Milletin Süleyman Soylu'ya mesajı! Hilal Kaplan'dan dikkat çeken yazı
Abone olSabah Gazetesi yazarı Hilal Kaplan, Cumhurbaşkanı Erdoğan tarafından reddedilen Süleyman Soylu'nun istifasını ve istifa kararının ardından yaşananlar ilgili ile ilgili dikkat çeken bir yazı kaleme aldı.
Geçtiğimiz cuma akşamı koronavirüs salgını önlemleri kapsamında
sokağa çıkma yasağı kararının ardından ortaya çıkan görüntülerin
'sorumluluğu bana ait' deyip istifa ettiğini duyuran İçişleri
Bakanı Süleyman Soylu'ya, gece yarısı Cumhurbaşkanlığı'ndan yanıt
gelmiş, Erdoğan'ın istifayı kabul etmediği duyurulmuştu. Sabah
yazarı Kaplan, halk tarafından da kabul görmeyen Soylu istifasını
değerlendirdi. Kaplan milletin Soylu'ya vermek istediği mesajı
yazdı.
İşte Kaplan'ın dikkat çeken o yazısı;
Sokağa çıkma yasağı kararının duyurulmasıyla başladı her
şey.
İçişleri Bakanlığı rakamlarına göre 250.000 kişi sokağa akın
etti. Fırınların ve eczanelerin açık olacağı gibi bilgileri içeren
genelgenin, kararın ilanından sonra duyurulmasının bunda elbette
etkisi büyük oldu.
Ancak kuruyemişten kolaya, bisküviden kuruyemişe
hayati olmayan ürünler için sokağa çıkan kalabalıkların
çoğunlukta olması, marketlerin ve fırınların tekrar
kepenk açmış olması, sosyal mesafe kurallarının hiçe
sayılması infial yarattı. Bu tablo aslında koronavirüs
tehdidinin bazı vatandaşlarımız tarafından yeterince
anlaşılmadığını da gösteriyordu.
Herhalükârda vaka sayısı ilk kez azalma eğilimine
girmişken, bundan bir hafta sonra farklı bir tabloyla karşı
karşıya gelmemize vesile olacak kara bir geceydi.
Fakat pazar akşamı, yasağın bitmesine saatler kala bambaşka bir gelişme gündeme damgasını vurdu. İçişleri Bakanı Süleyman Soylu, sosyal medya hesabından istifa ettiğini duyurdu.
Metni okuduktan sonra attığım tweette, "'Sayın
Cumhurbaşkanım beni bağışlasın'" ifadesinden istifanın
Cumhurbaşkanı Erdoğan'a sunulmadan duyurulduğu anlamı
çıkıyorsa, terör örgütleriyle mücadelesi hafızamıza
kazınan başarılı bir bakanımızın zorlu bir kriz sürecinde
görevi bırakmaması gerektiği kanaatindeyim" demiş
ve PKK'lılar ile FETÖ'cülerin nasıl bayram ettiğine
dikkat çekmiştim.
Yani mevzu hakkında zamanında fikir belirten beş yazar varsa, birisi benim.
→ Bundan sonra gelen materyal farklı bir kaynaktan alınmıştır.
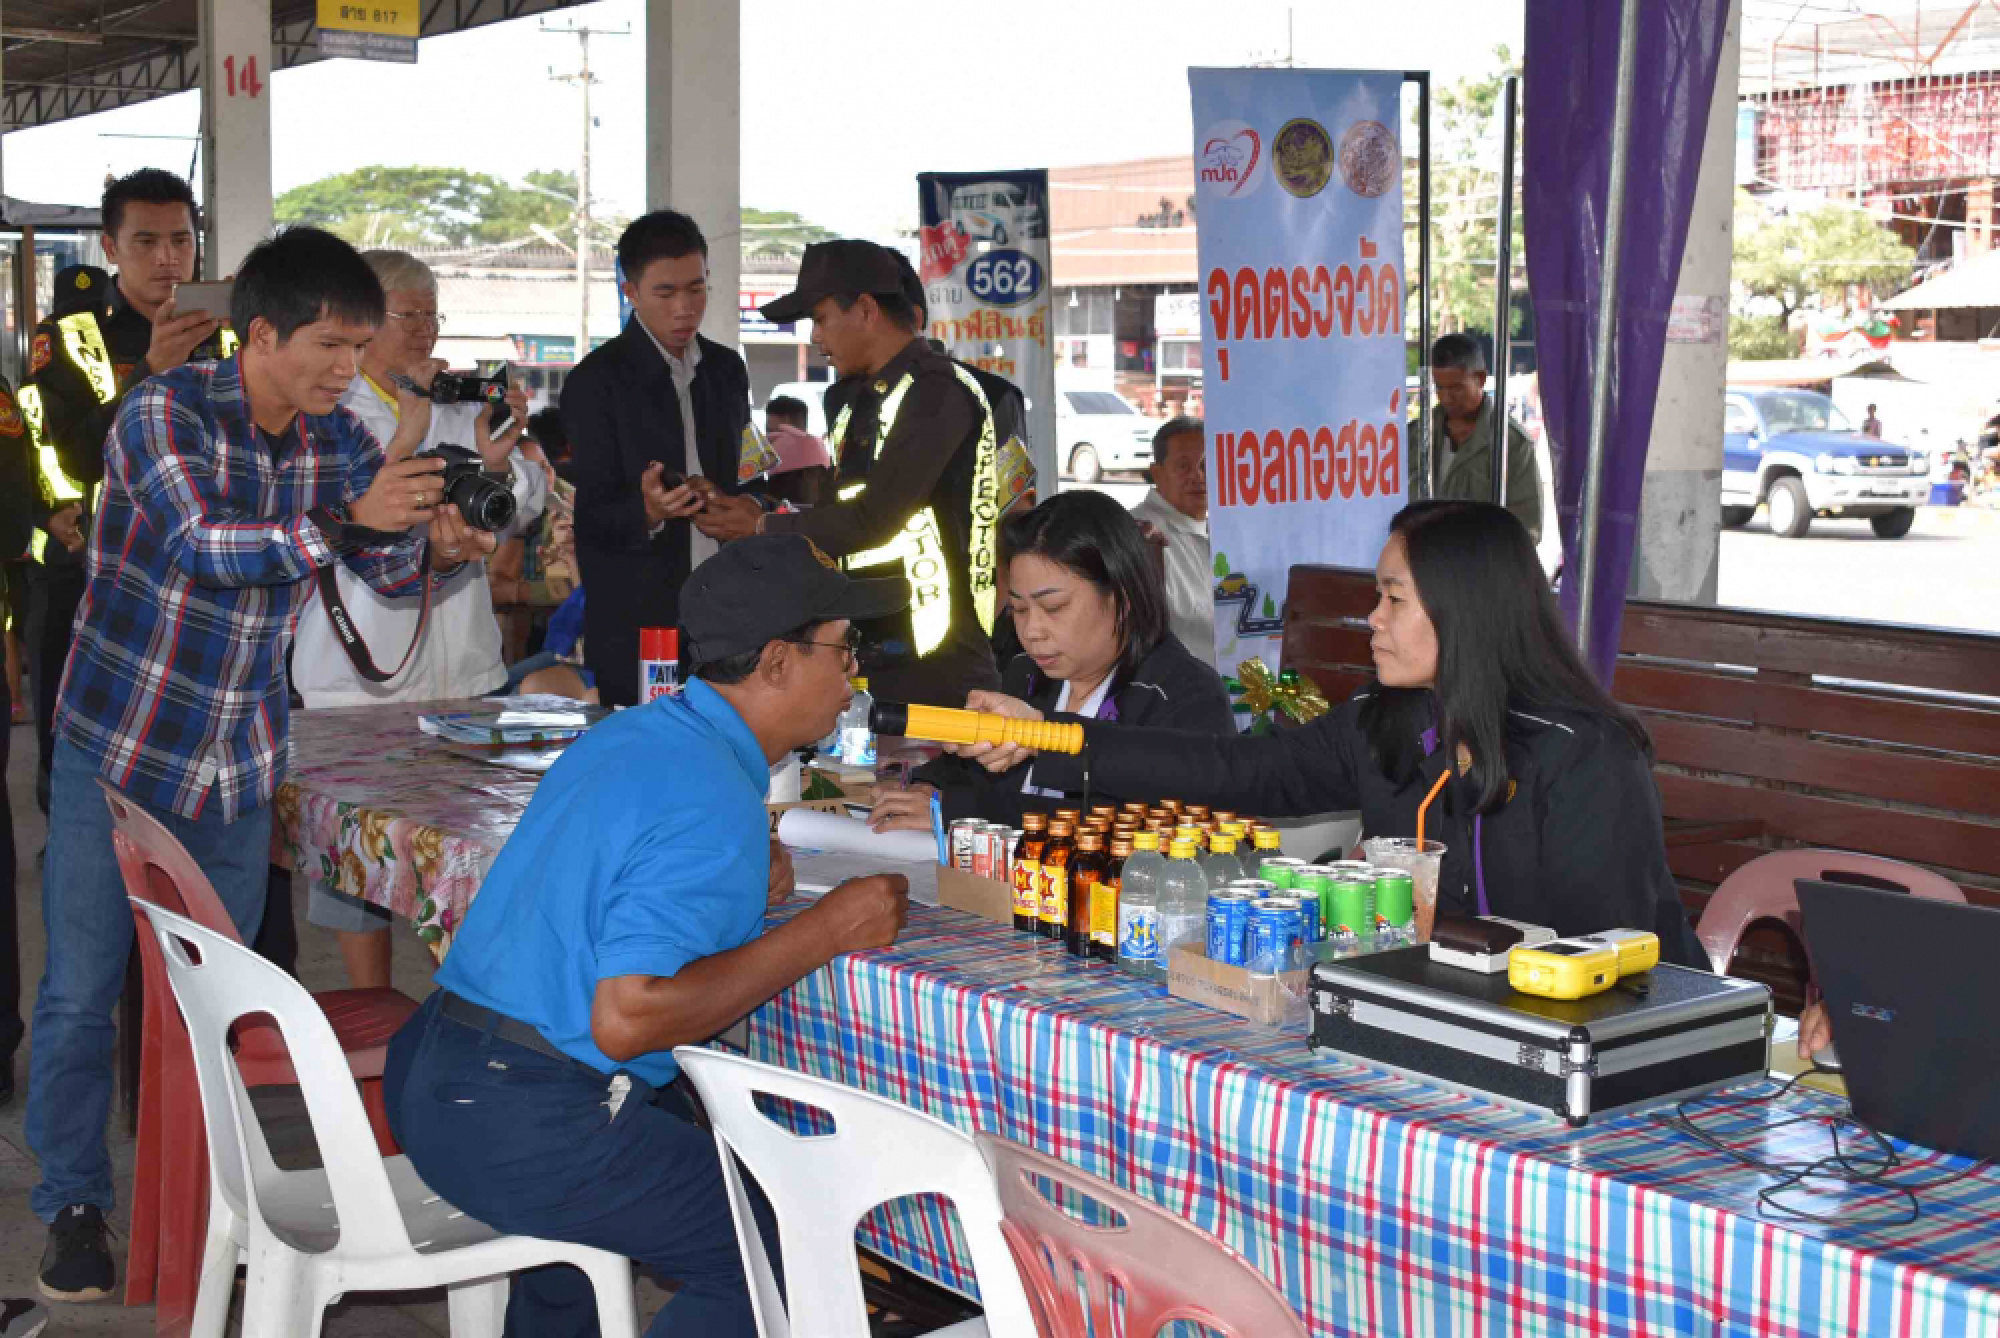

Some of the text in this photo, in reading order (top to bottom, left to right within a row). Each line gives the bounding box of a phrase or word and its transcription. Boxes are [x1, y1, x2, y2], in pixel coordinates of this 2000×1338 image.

[224, 55, 263, 98] 14
[973, 259, 1033, 296] 562
[1207, 235, 1400, 381] จุดตรวจวัด
[1214, 387, 1400, 507] แอลกอฮอล์
[974, 428, 996, 592] SPECTOR
[331, 605, 355, 644] Canon
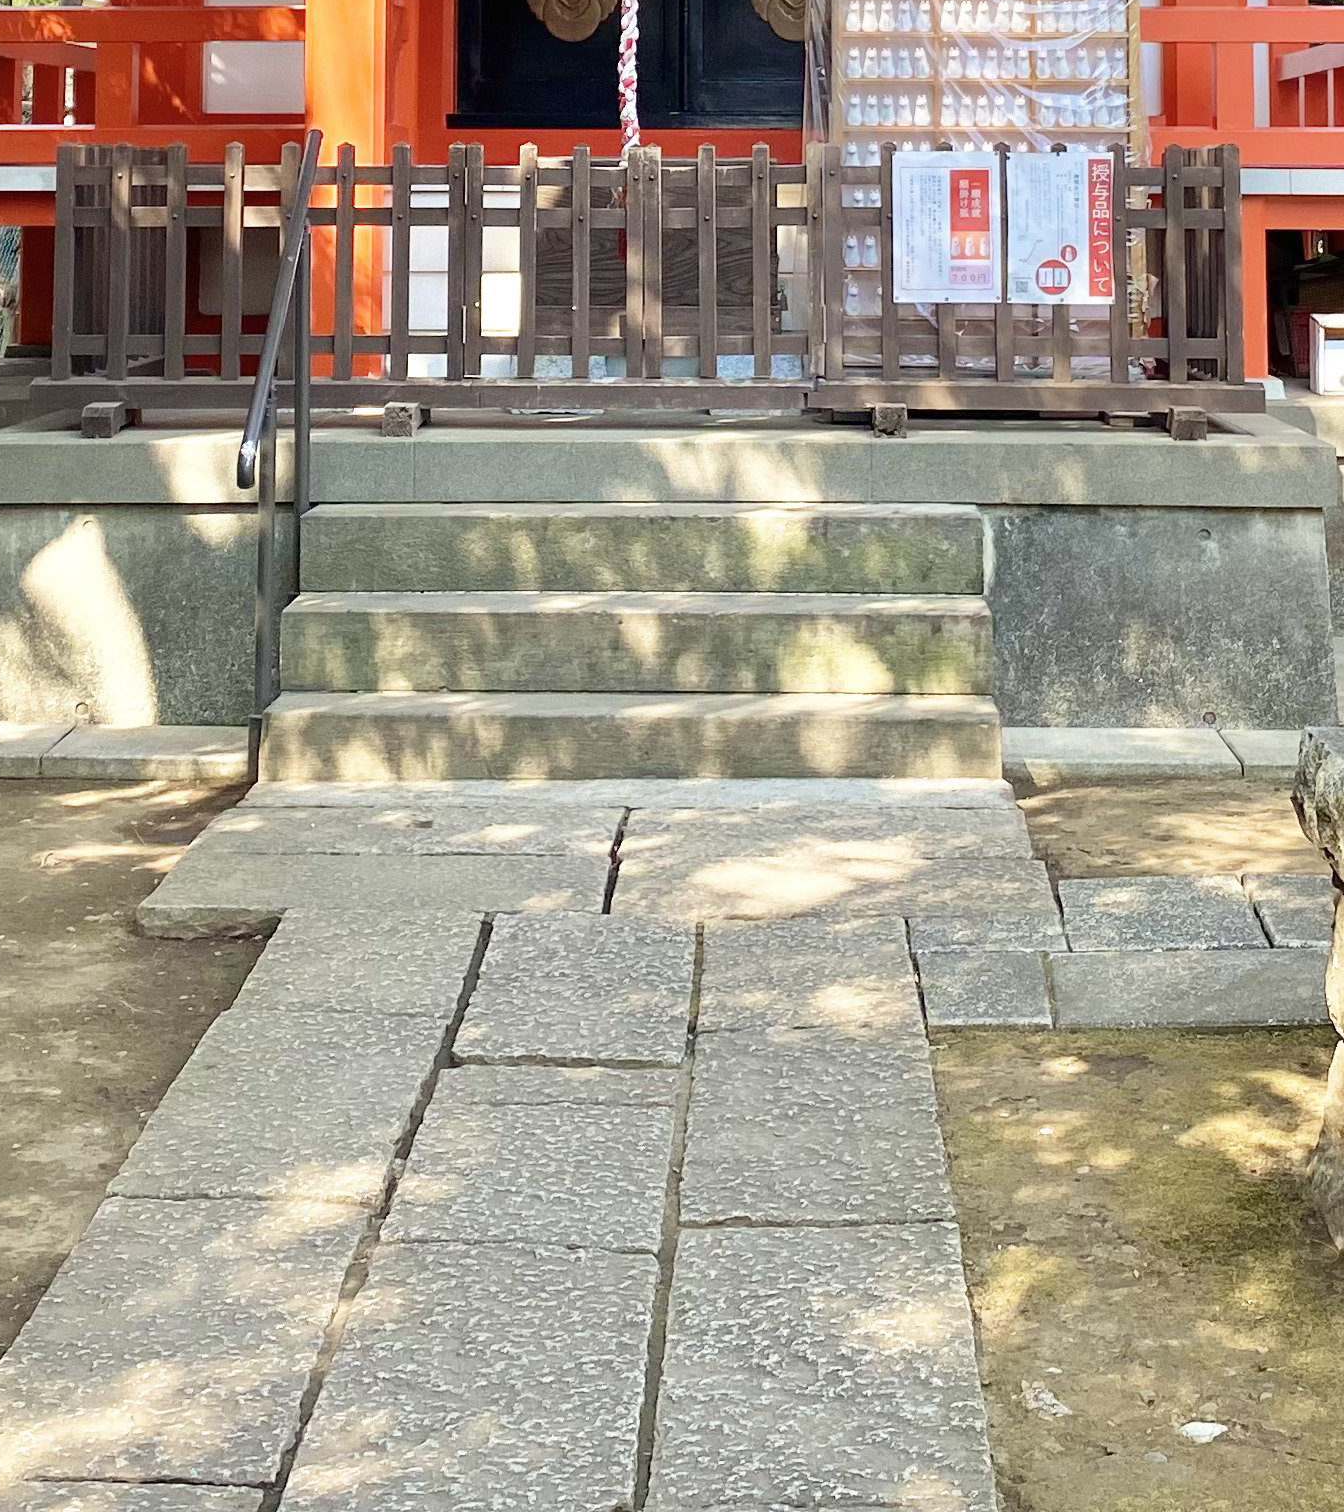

Çünkü Soylu, başından beri farklı bir İçişleri Bakanı portresi çiziyor. Terörizmle mücadeledeki ödün vermezliği ile kendi özgün hikâyesini yazıyor. Dahası kimilerinin 'dokunulmaz' ilan ettiği, karanlık bağlantılar içindeki Ankara kuşu çetesine de dokunmaktan çekinmiyor. Bu yüzden beş yıllık bakanlığını bir hataya kurban etmesi olacak iş değildi.
Ama eli kalem tutan çoğunluğun ölü taklidi yaptığı o gece
konuşmuş biri olarak bugün de şunu belirtmezsem eksik
kalır. Milletin gerçek anlamda canıyla uğraştığı, terör
örgütlerinin erketeye yattığı bir dönemde, doğru dürüst
uyku uyumadan binbir dertle uğraşan Cumhurbaşkanımızın onayı
olmadan bu istifayı ilan etmek ne kadar doğruydu? Bu,
ona haksızlık sayılmaz mı? Cepheyi bırakarak çekip
gitmek, kimlerin işine yarardı?
Soylu, mücadeleci olduğu kadar duygusal bir Trabzonlu; eyvallah.
Fakat Hadi Özışık'ın dediğine göre Davutoğlu döneminde de iki kez
istifaya kalkışmış. 2018'de de helallik istediği konuşmasıyla yine
istifa söylentilerine sebep olmuştu. Pazar gecesi de anlaşıldı
ki Soylu'dan milletin beklentisi bundan sonra hangi
sebeple yorulmuş olsa da liderinin işaret
ettiği istikâmetten ayrılmaması, onun iradesini hiçe
saymamasıdır.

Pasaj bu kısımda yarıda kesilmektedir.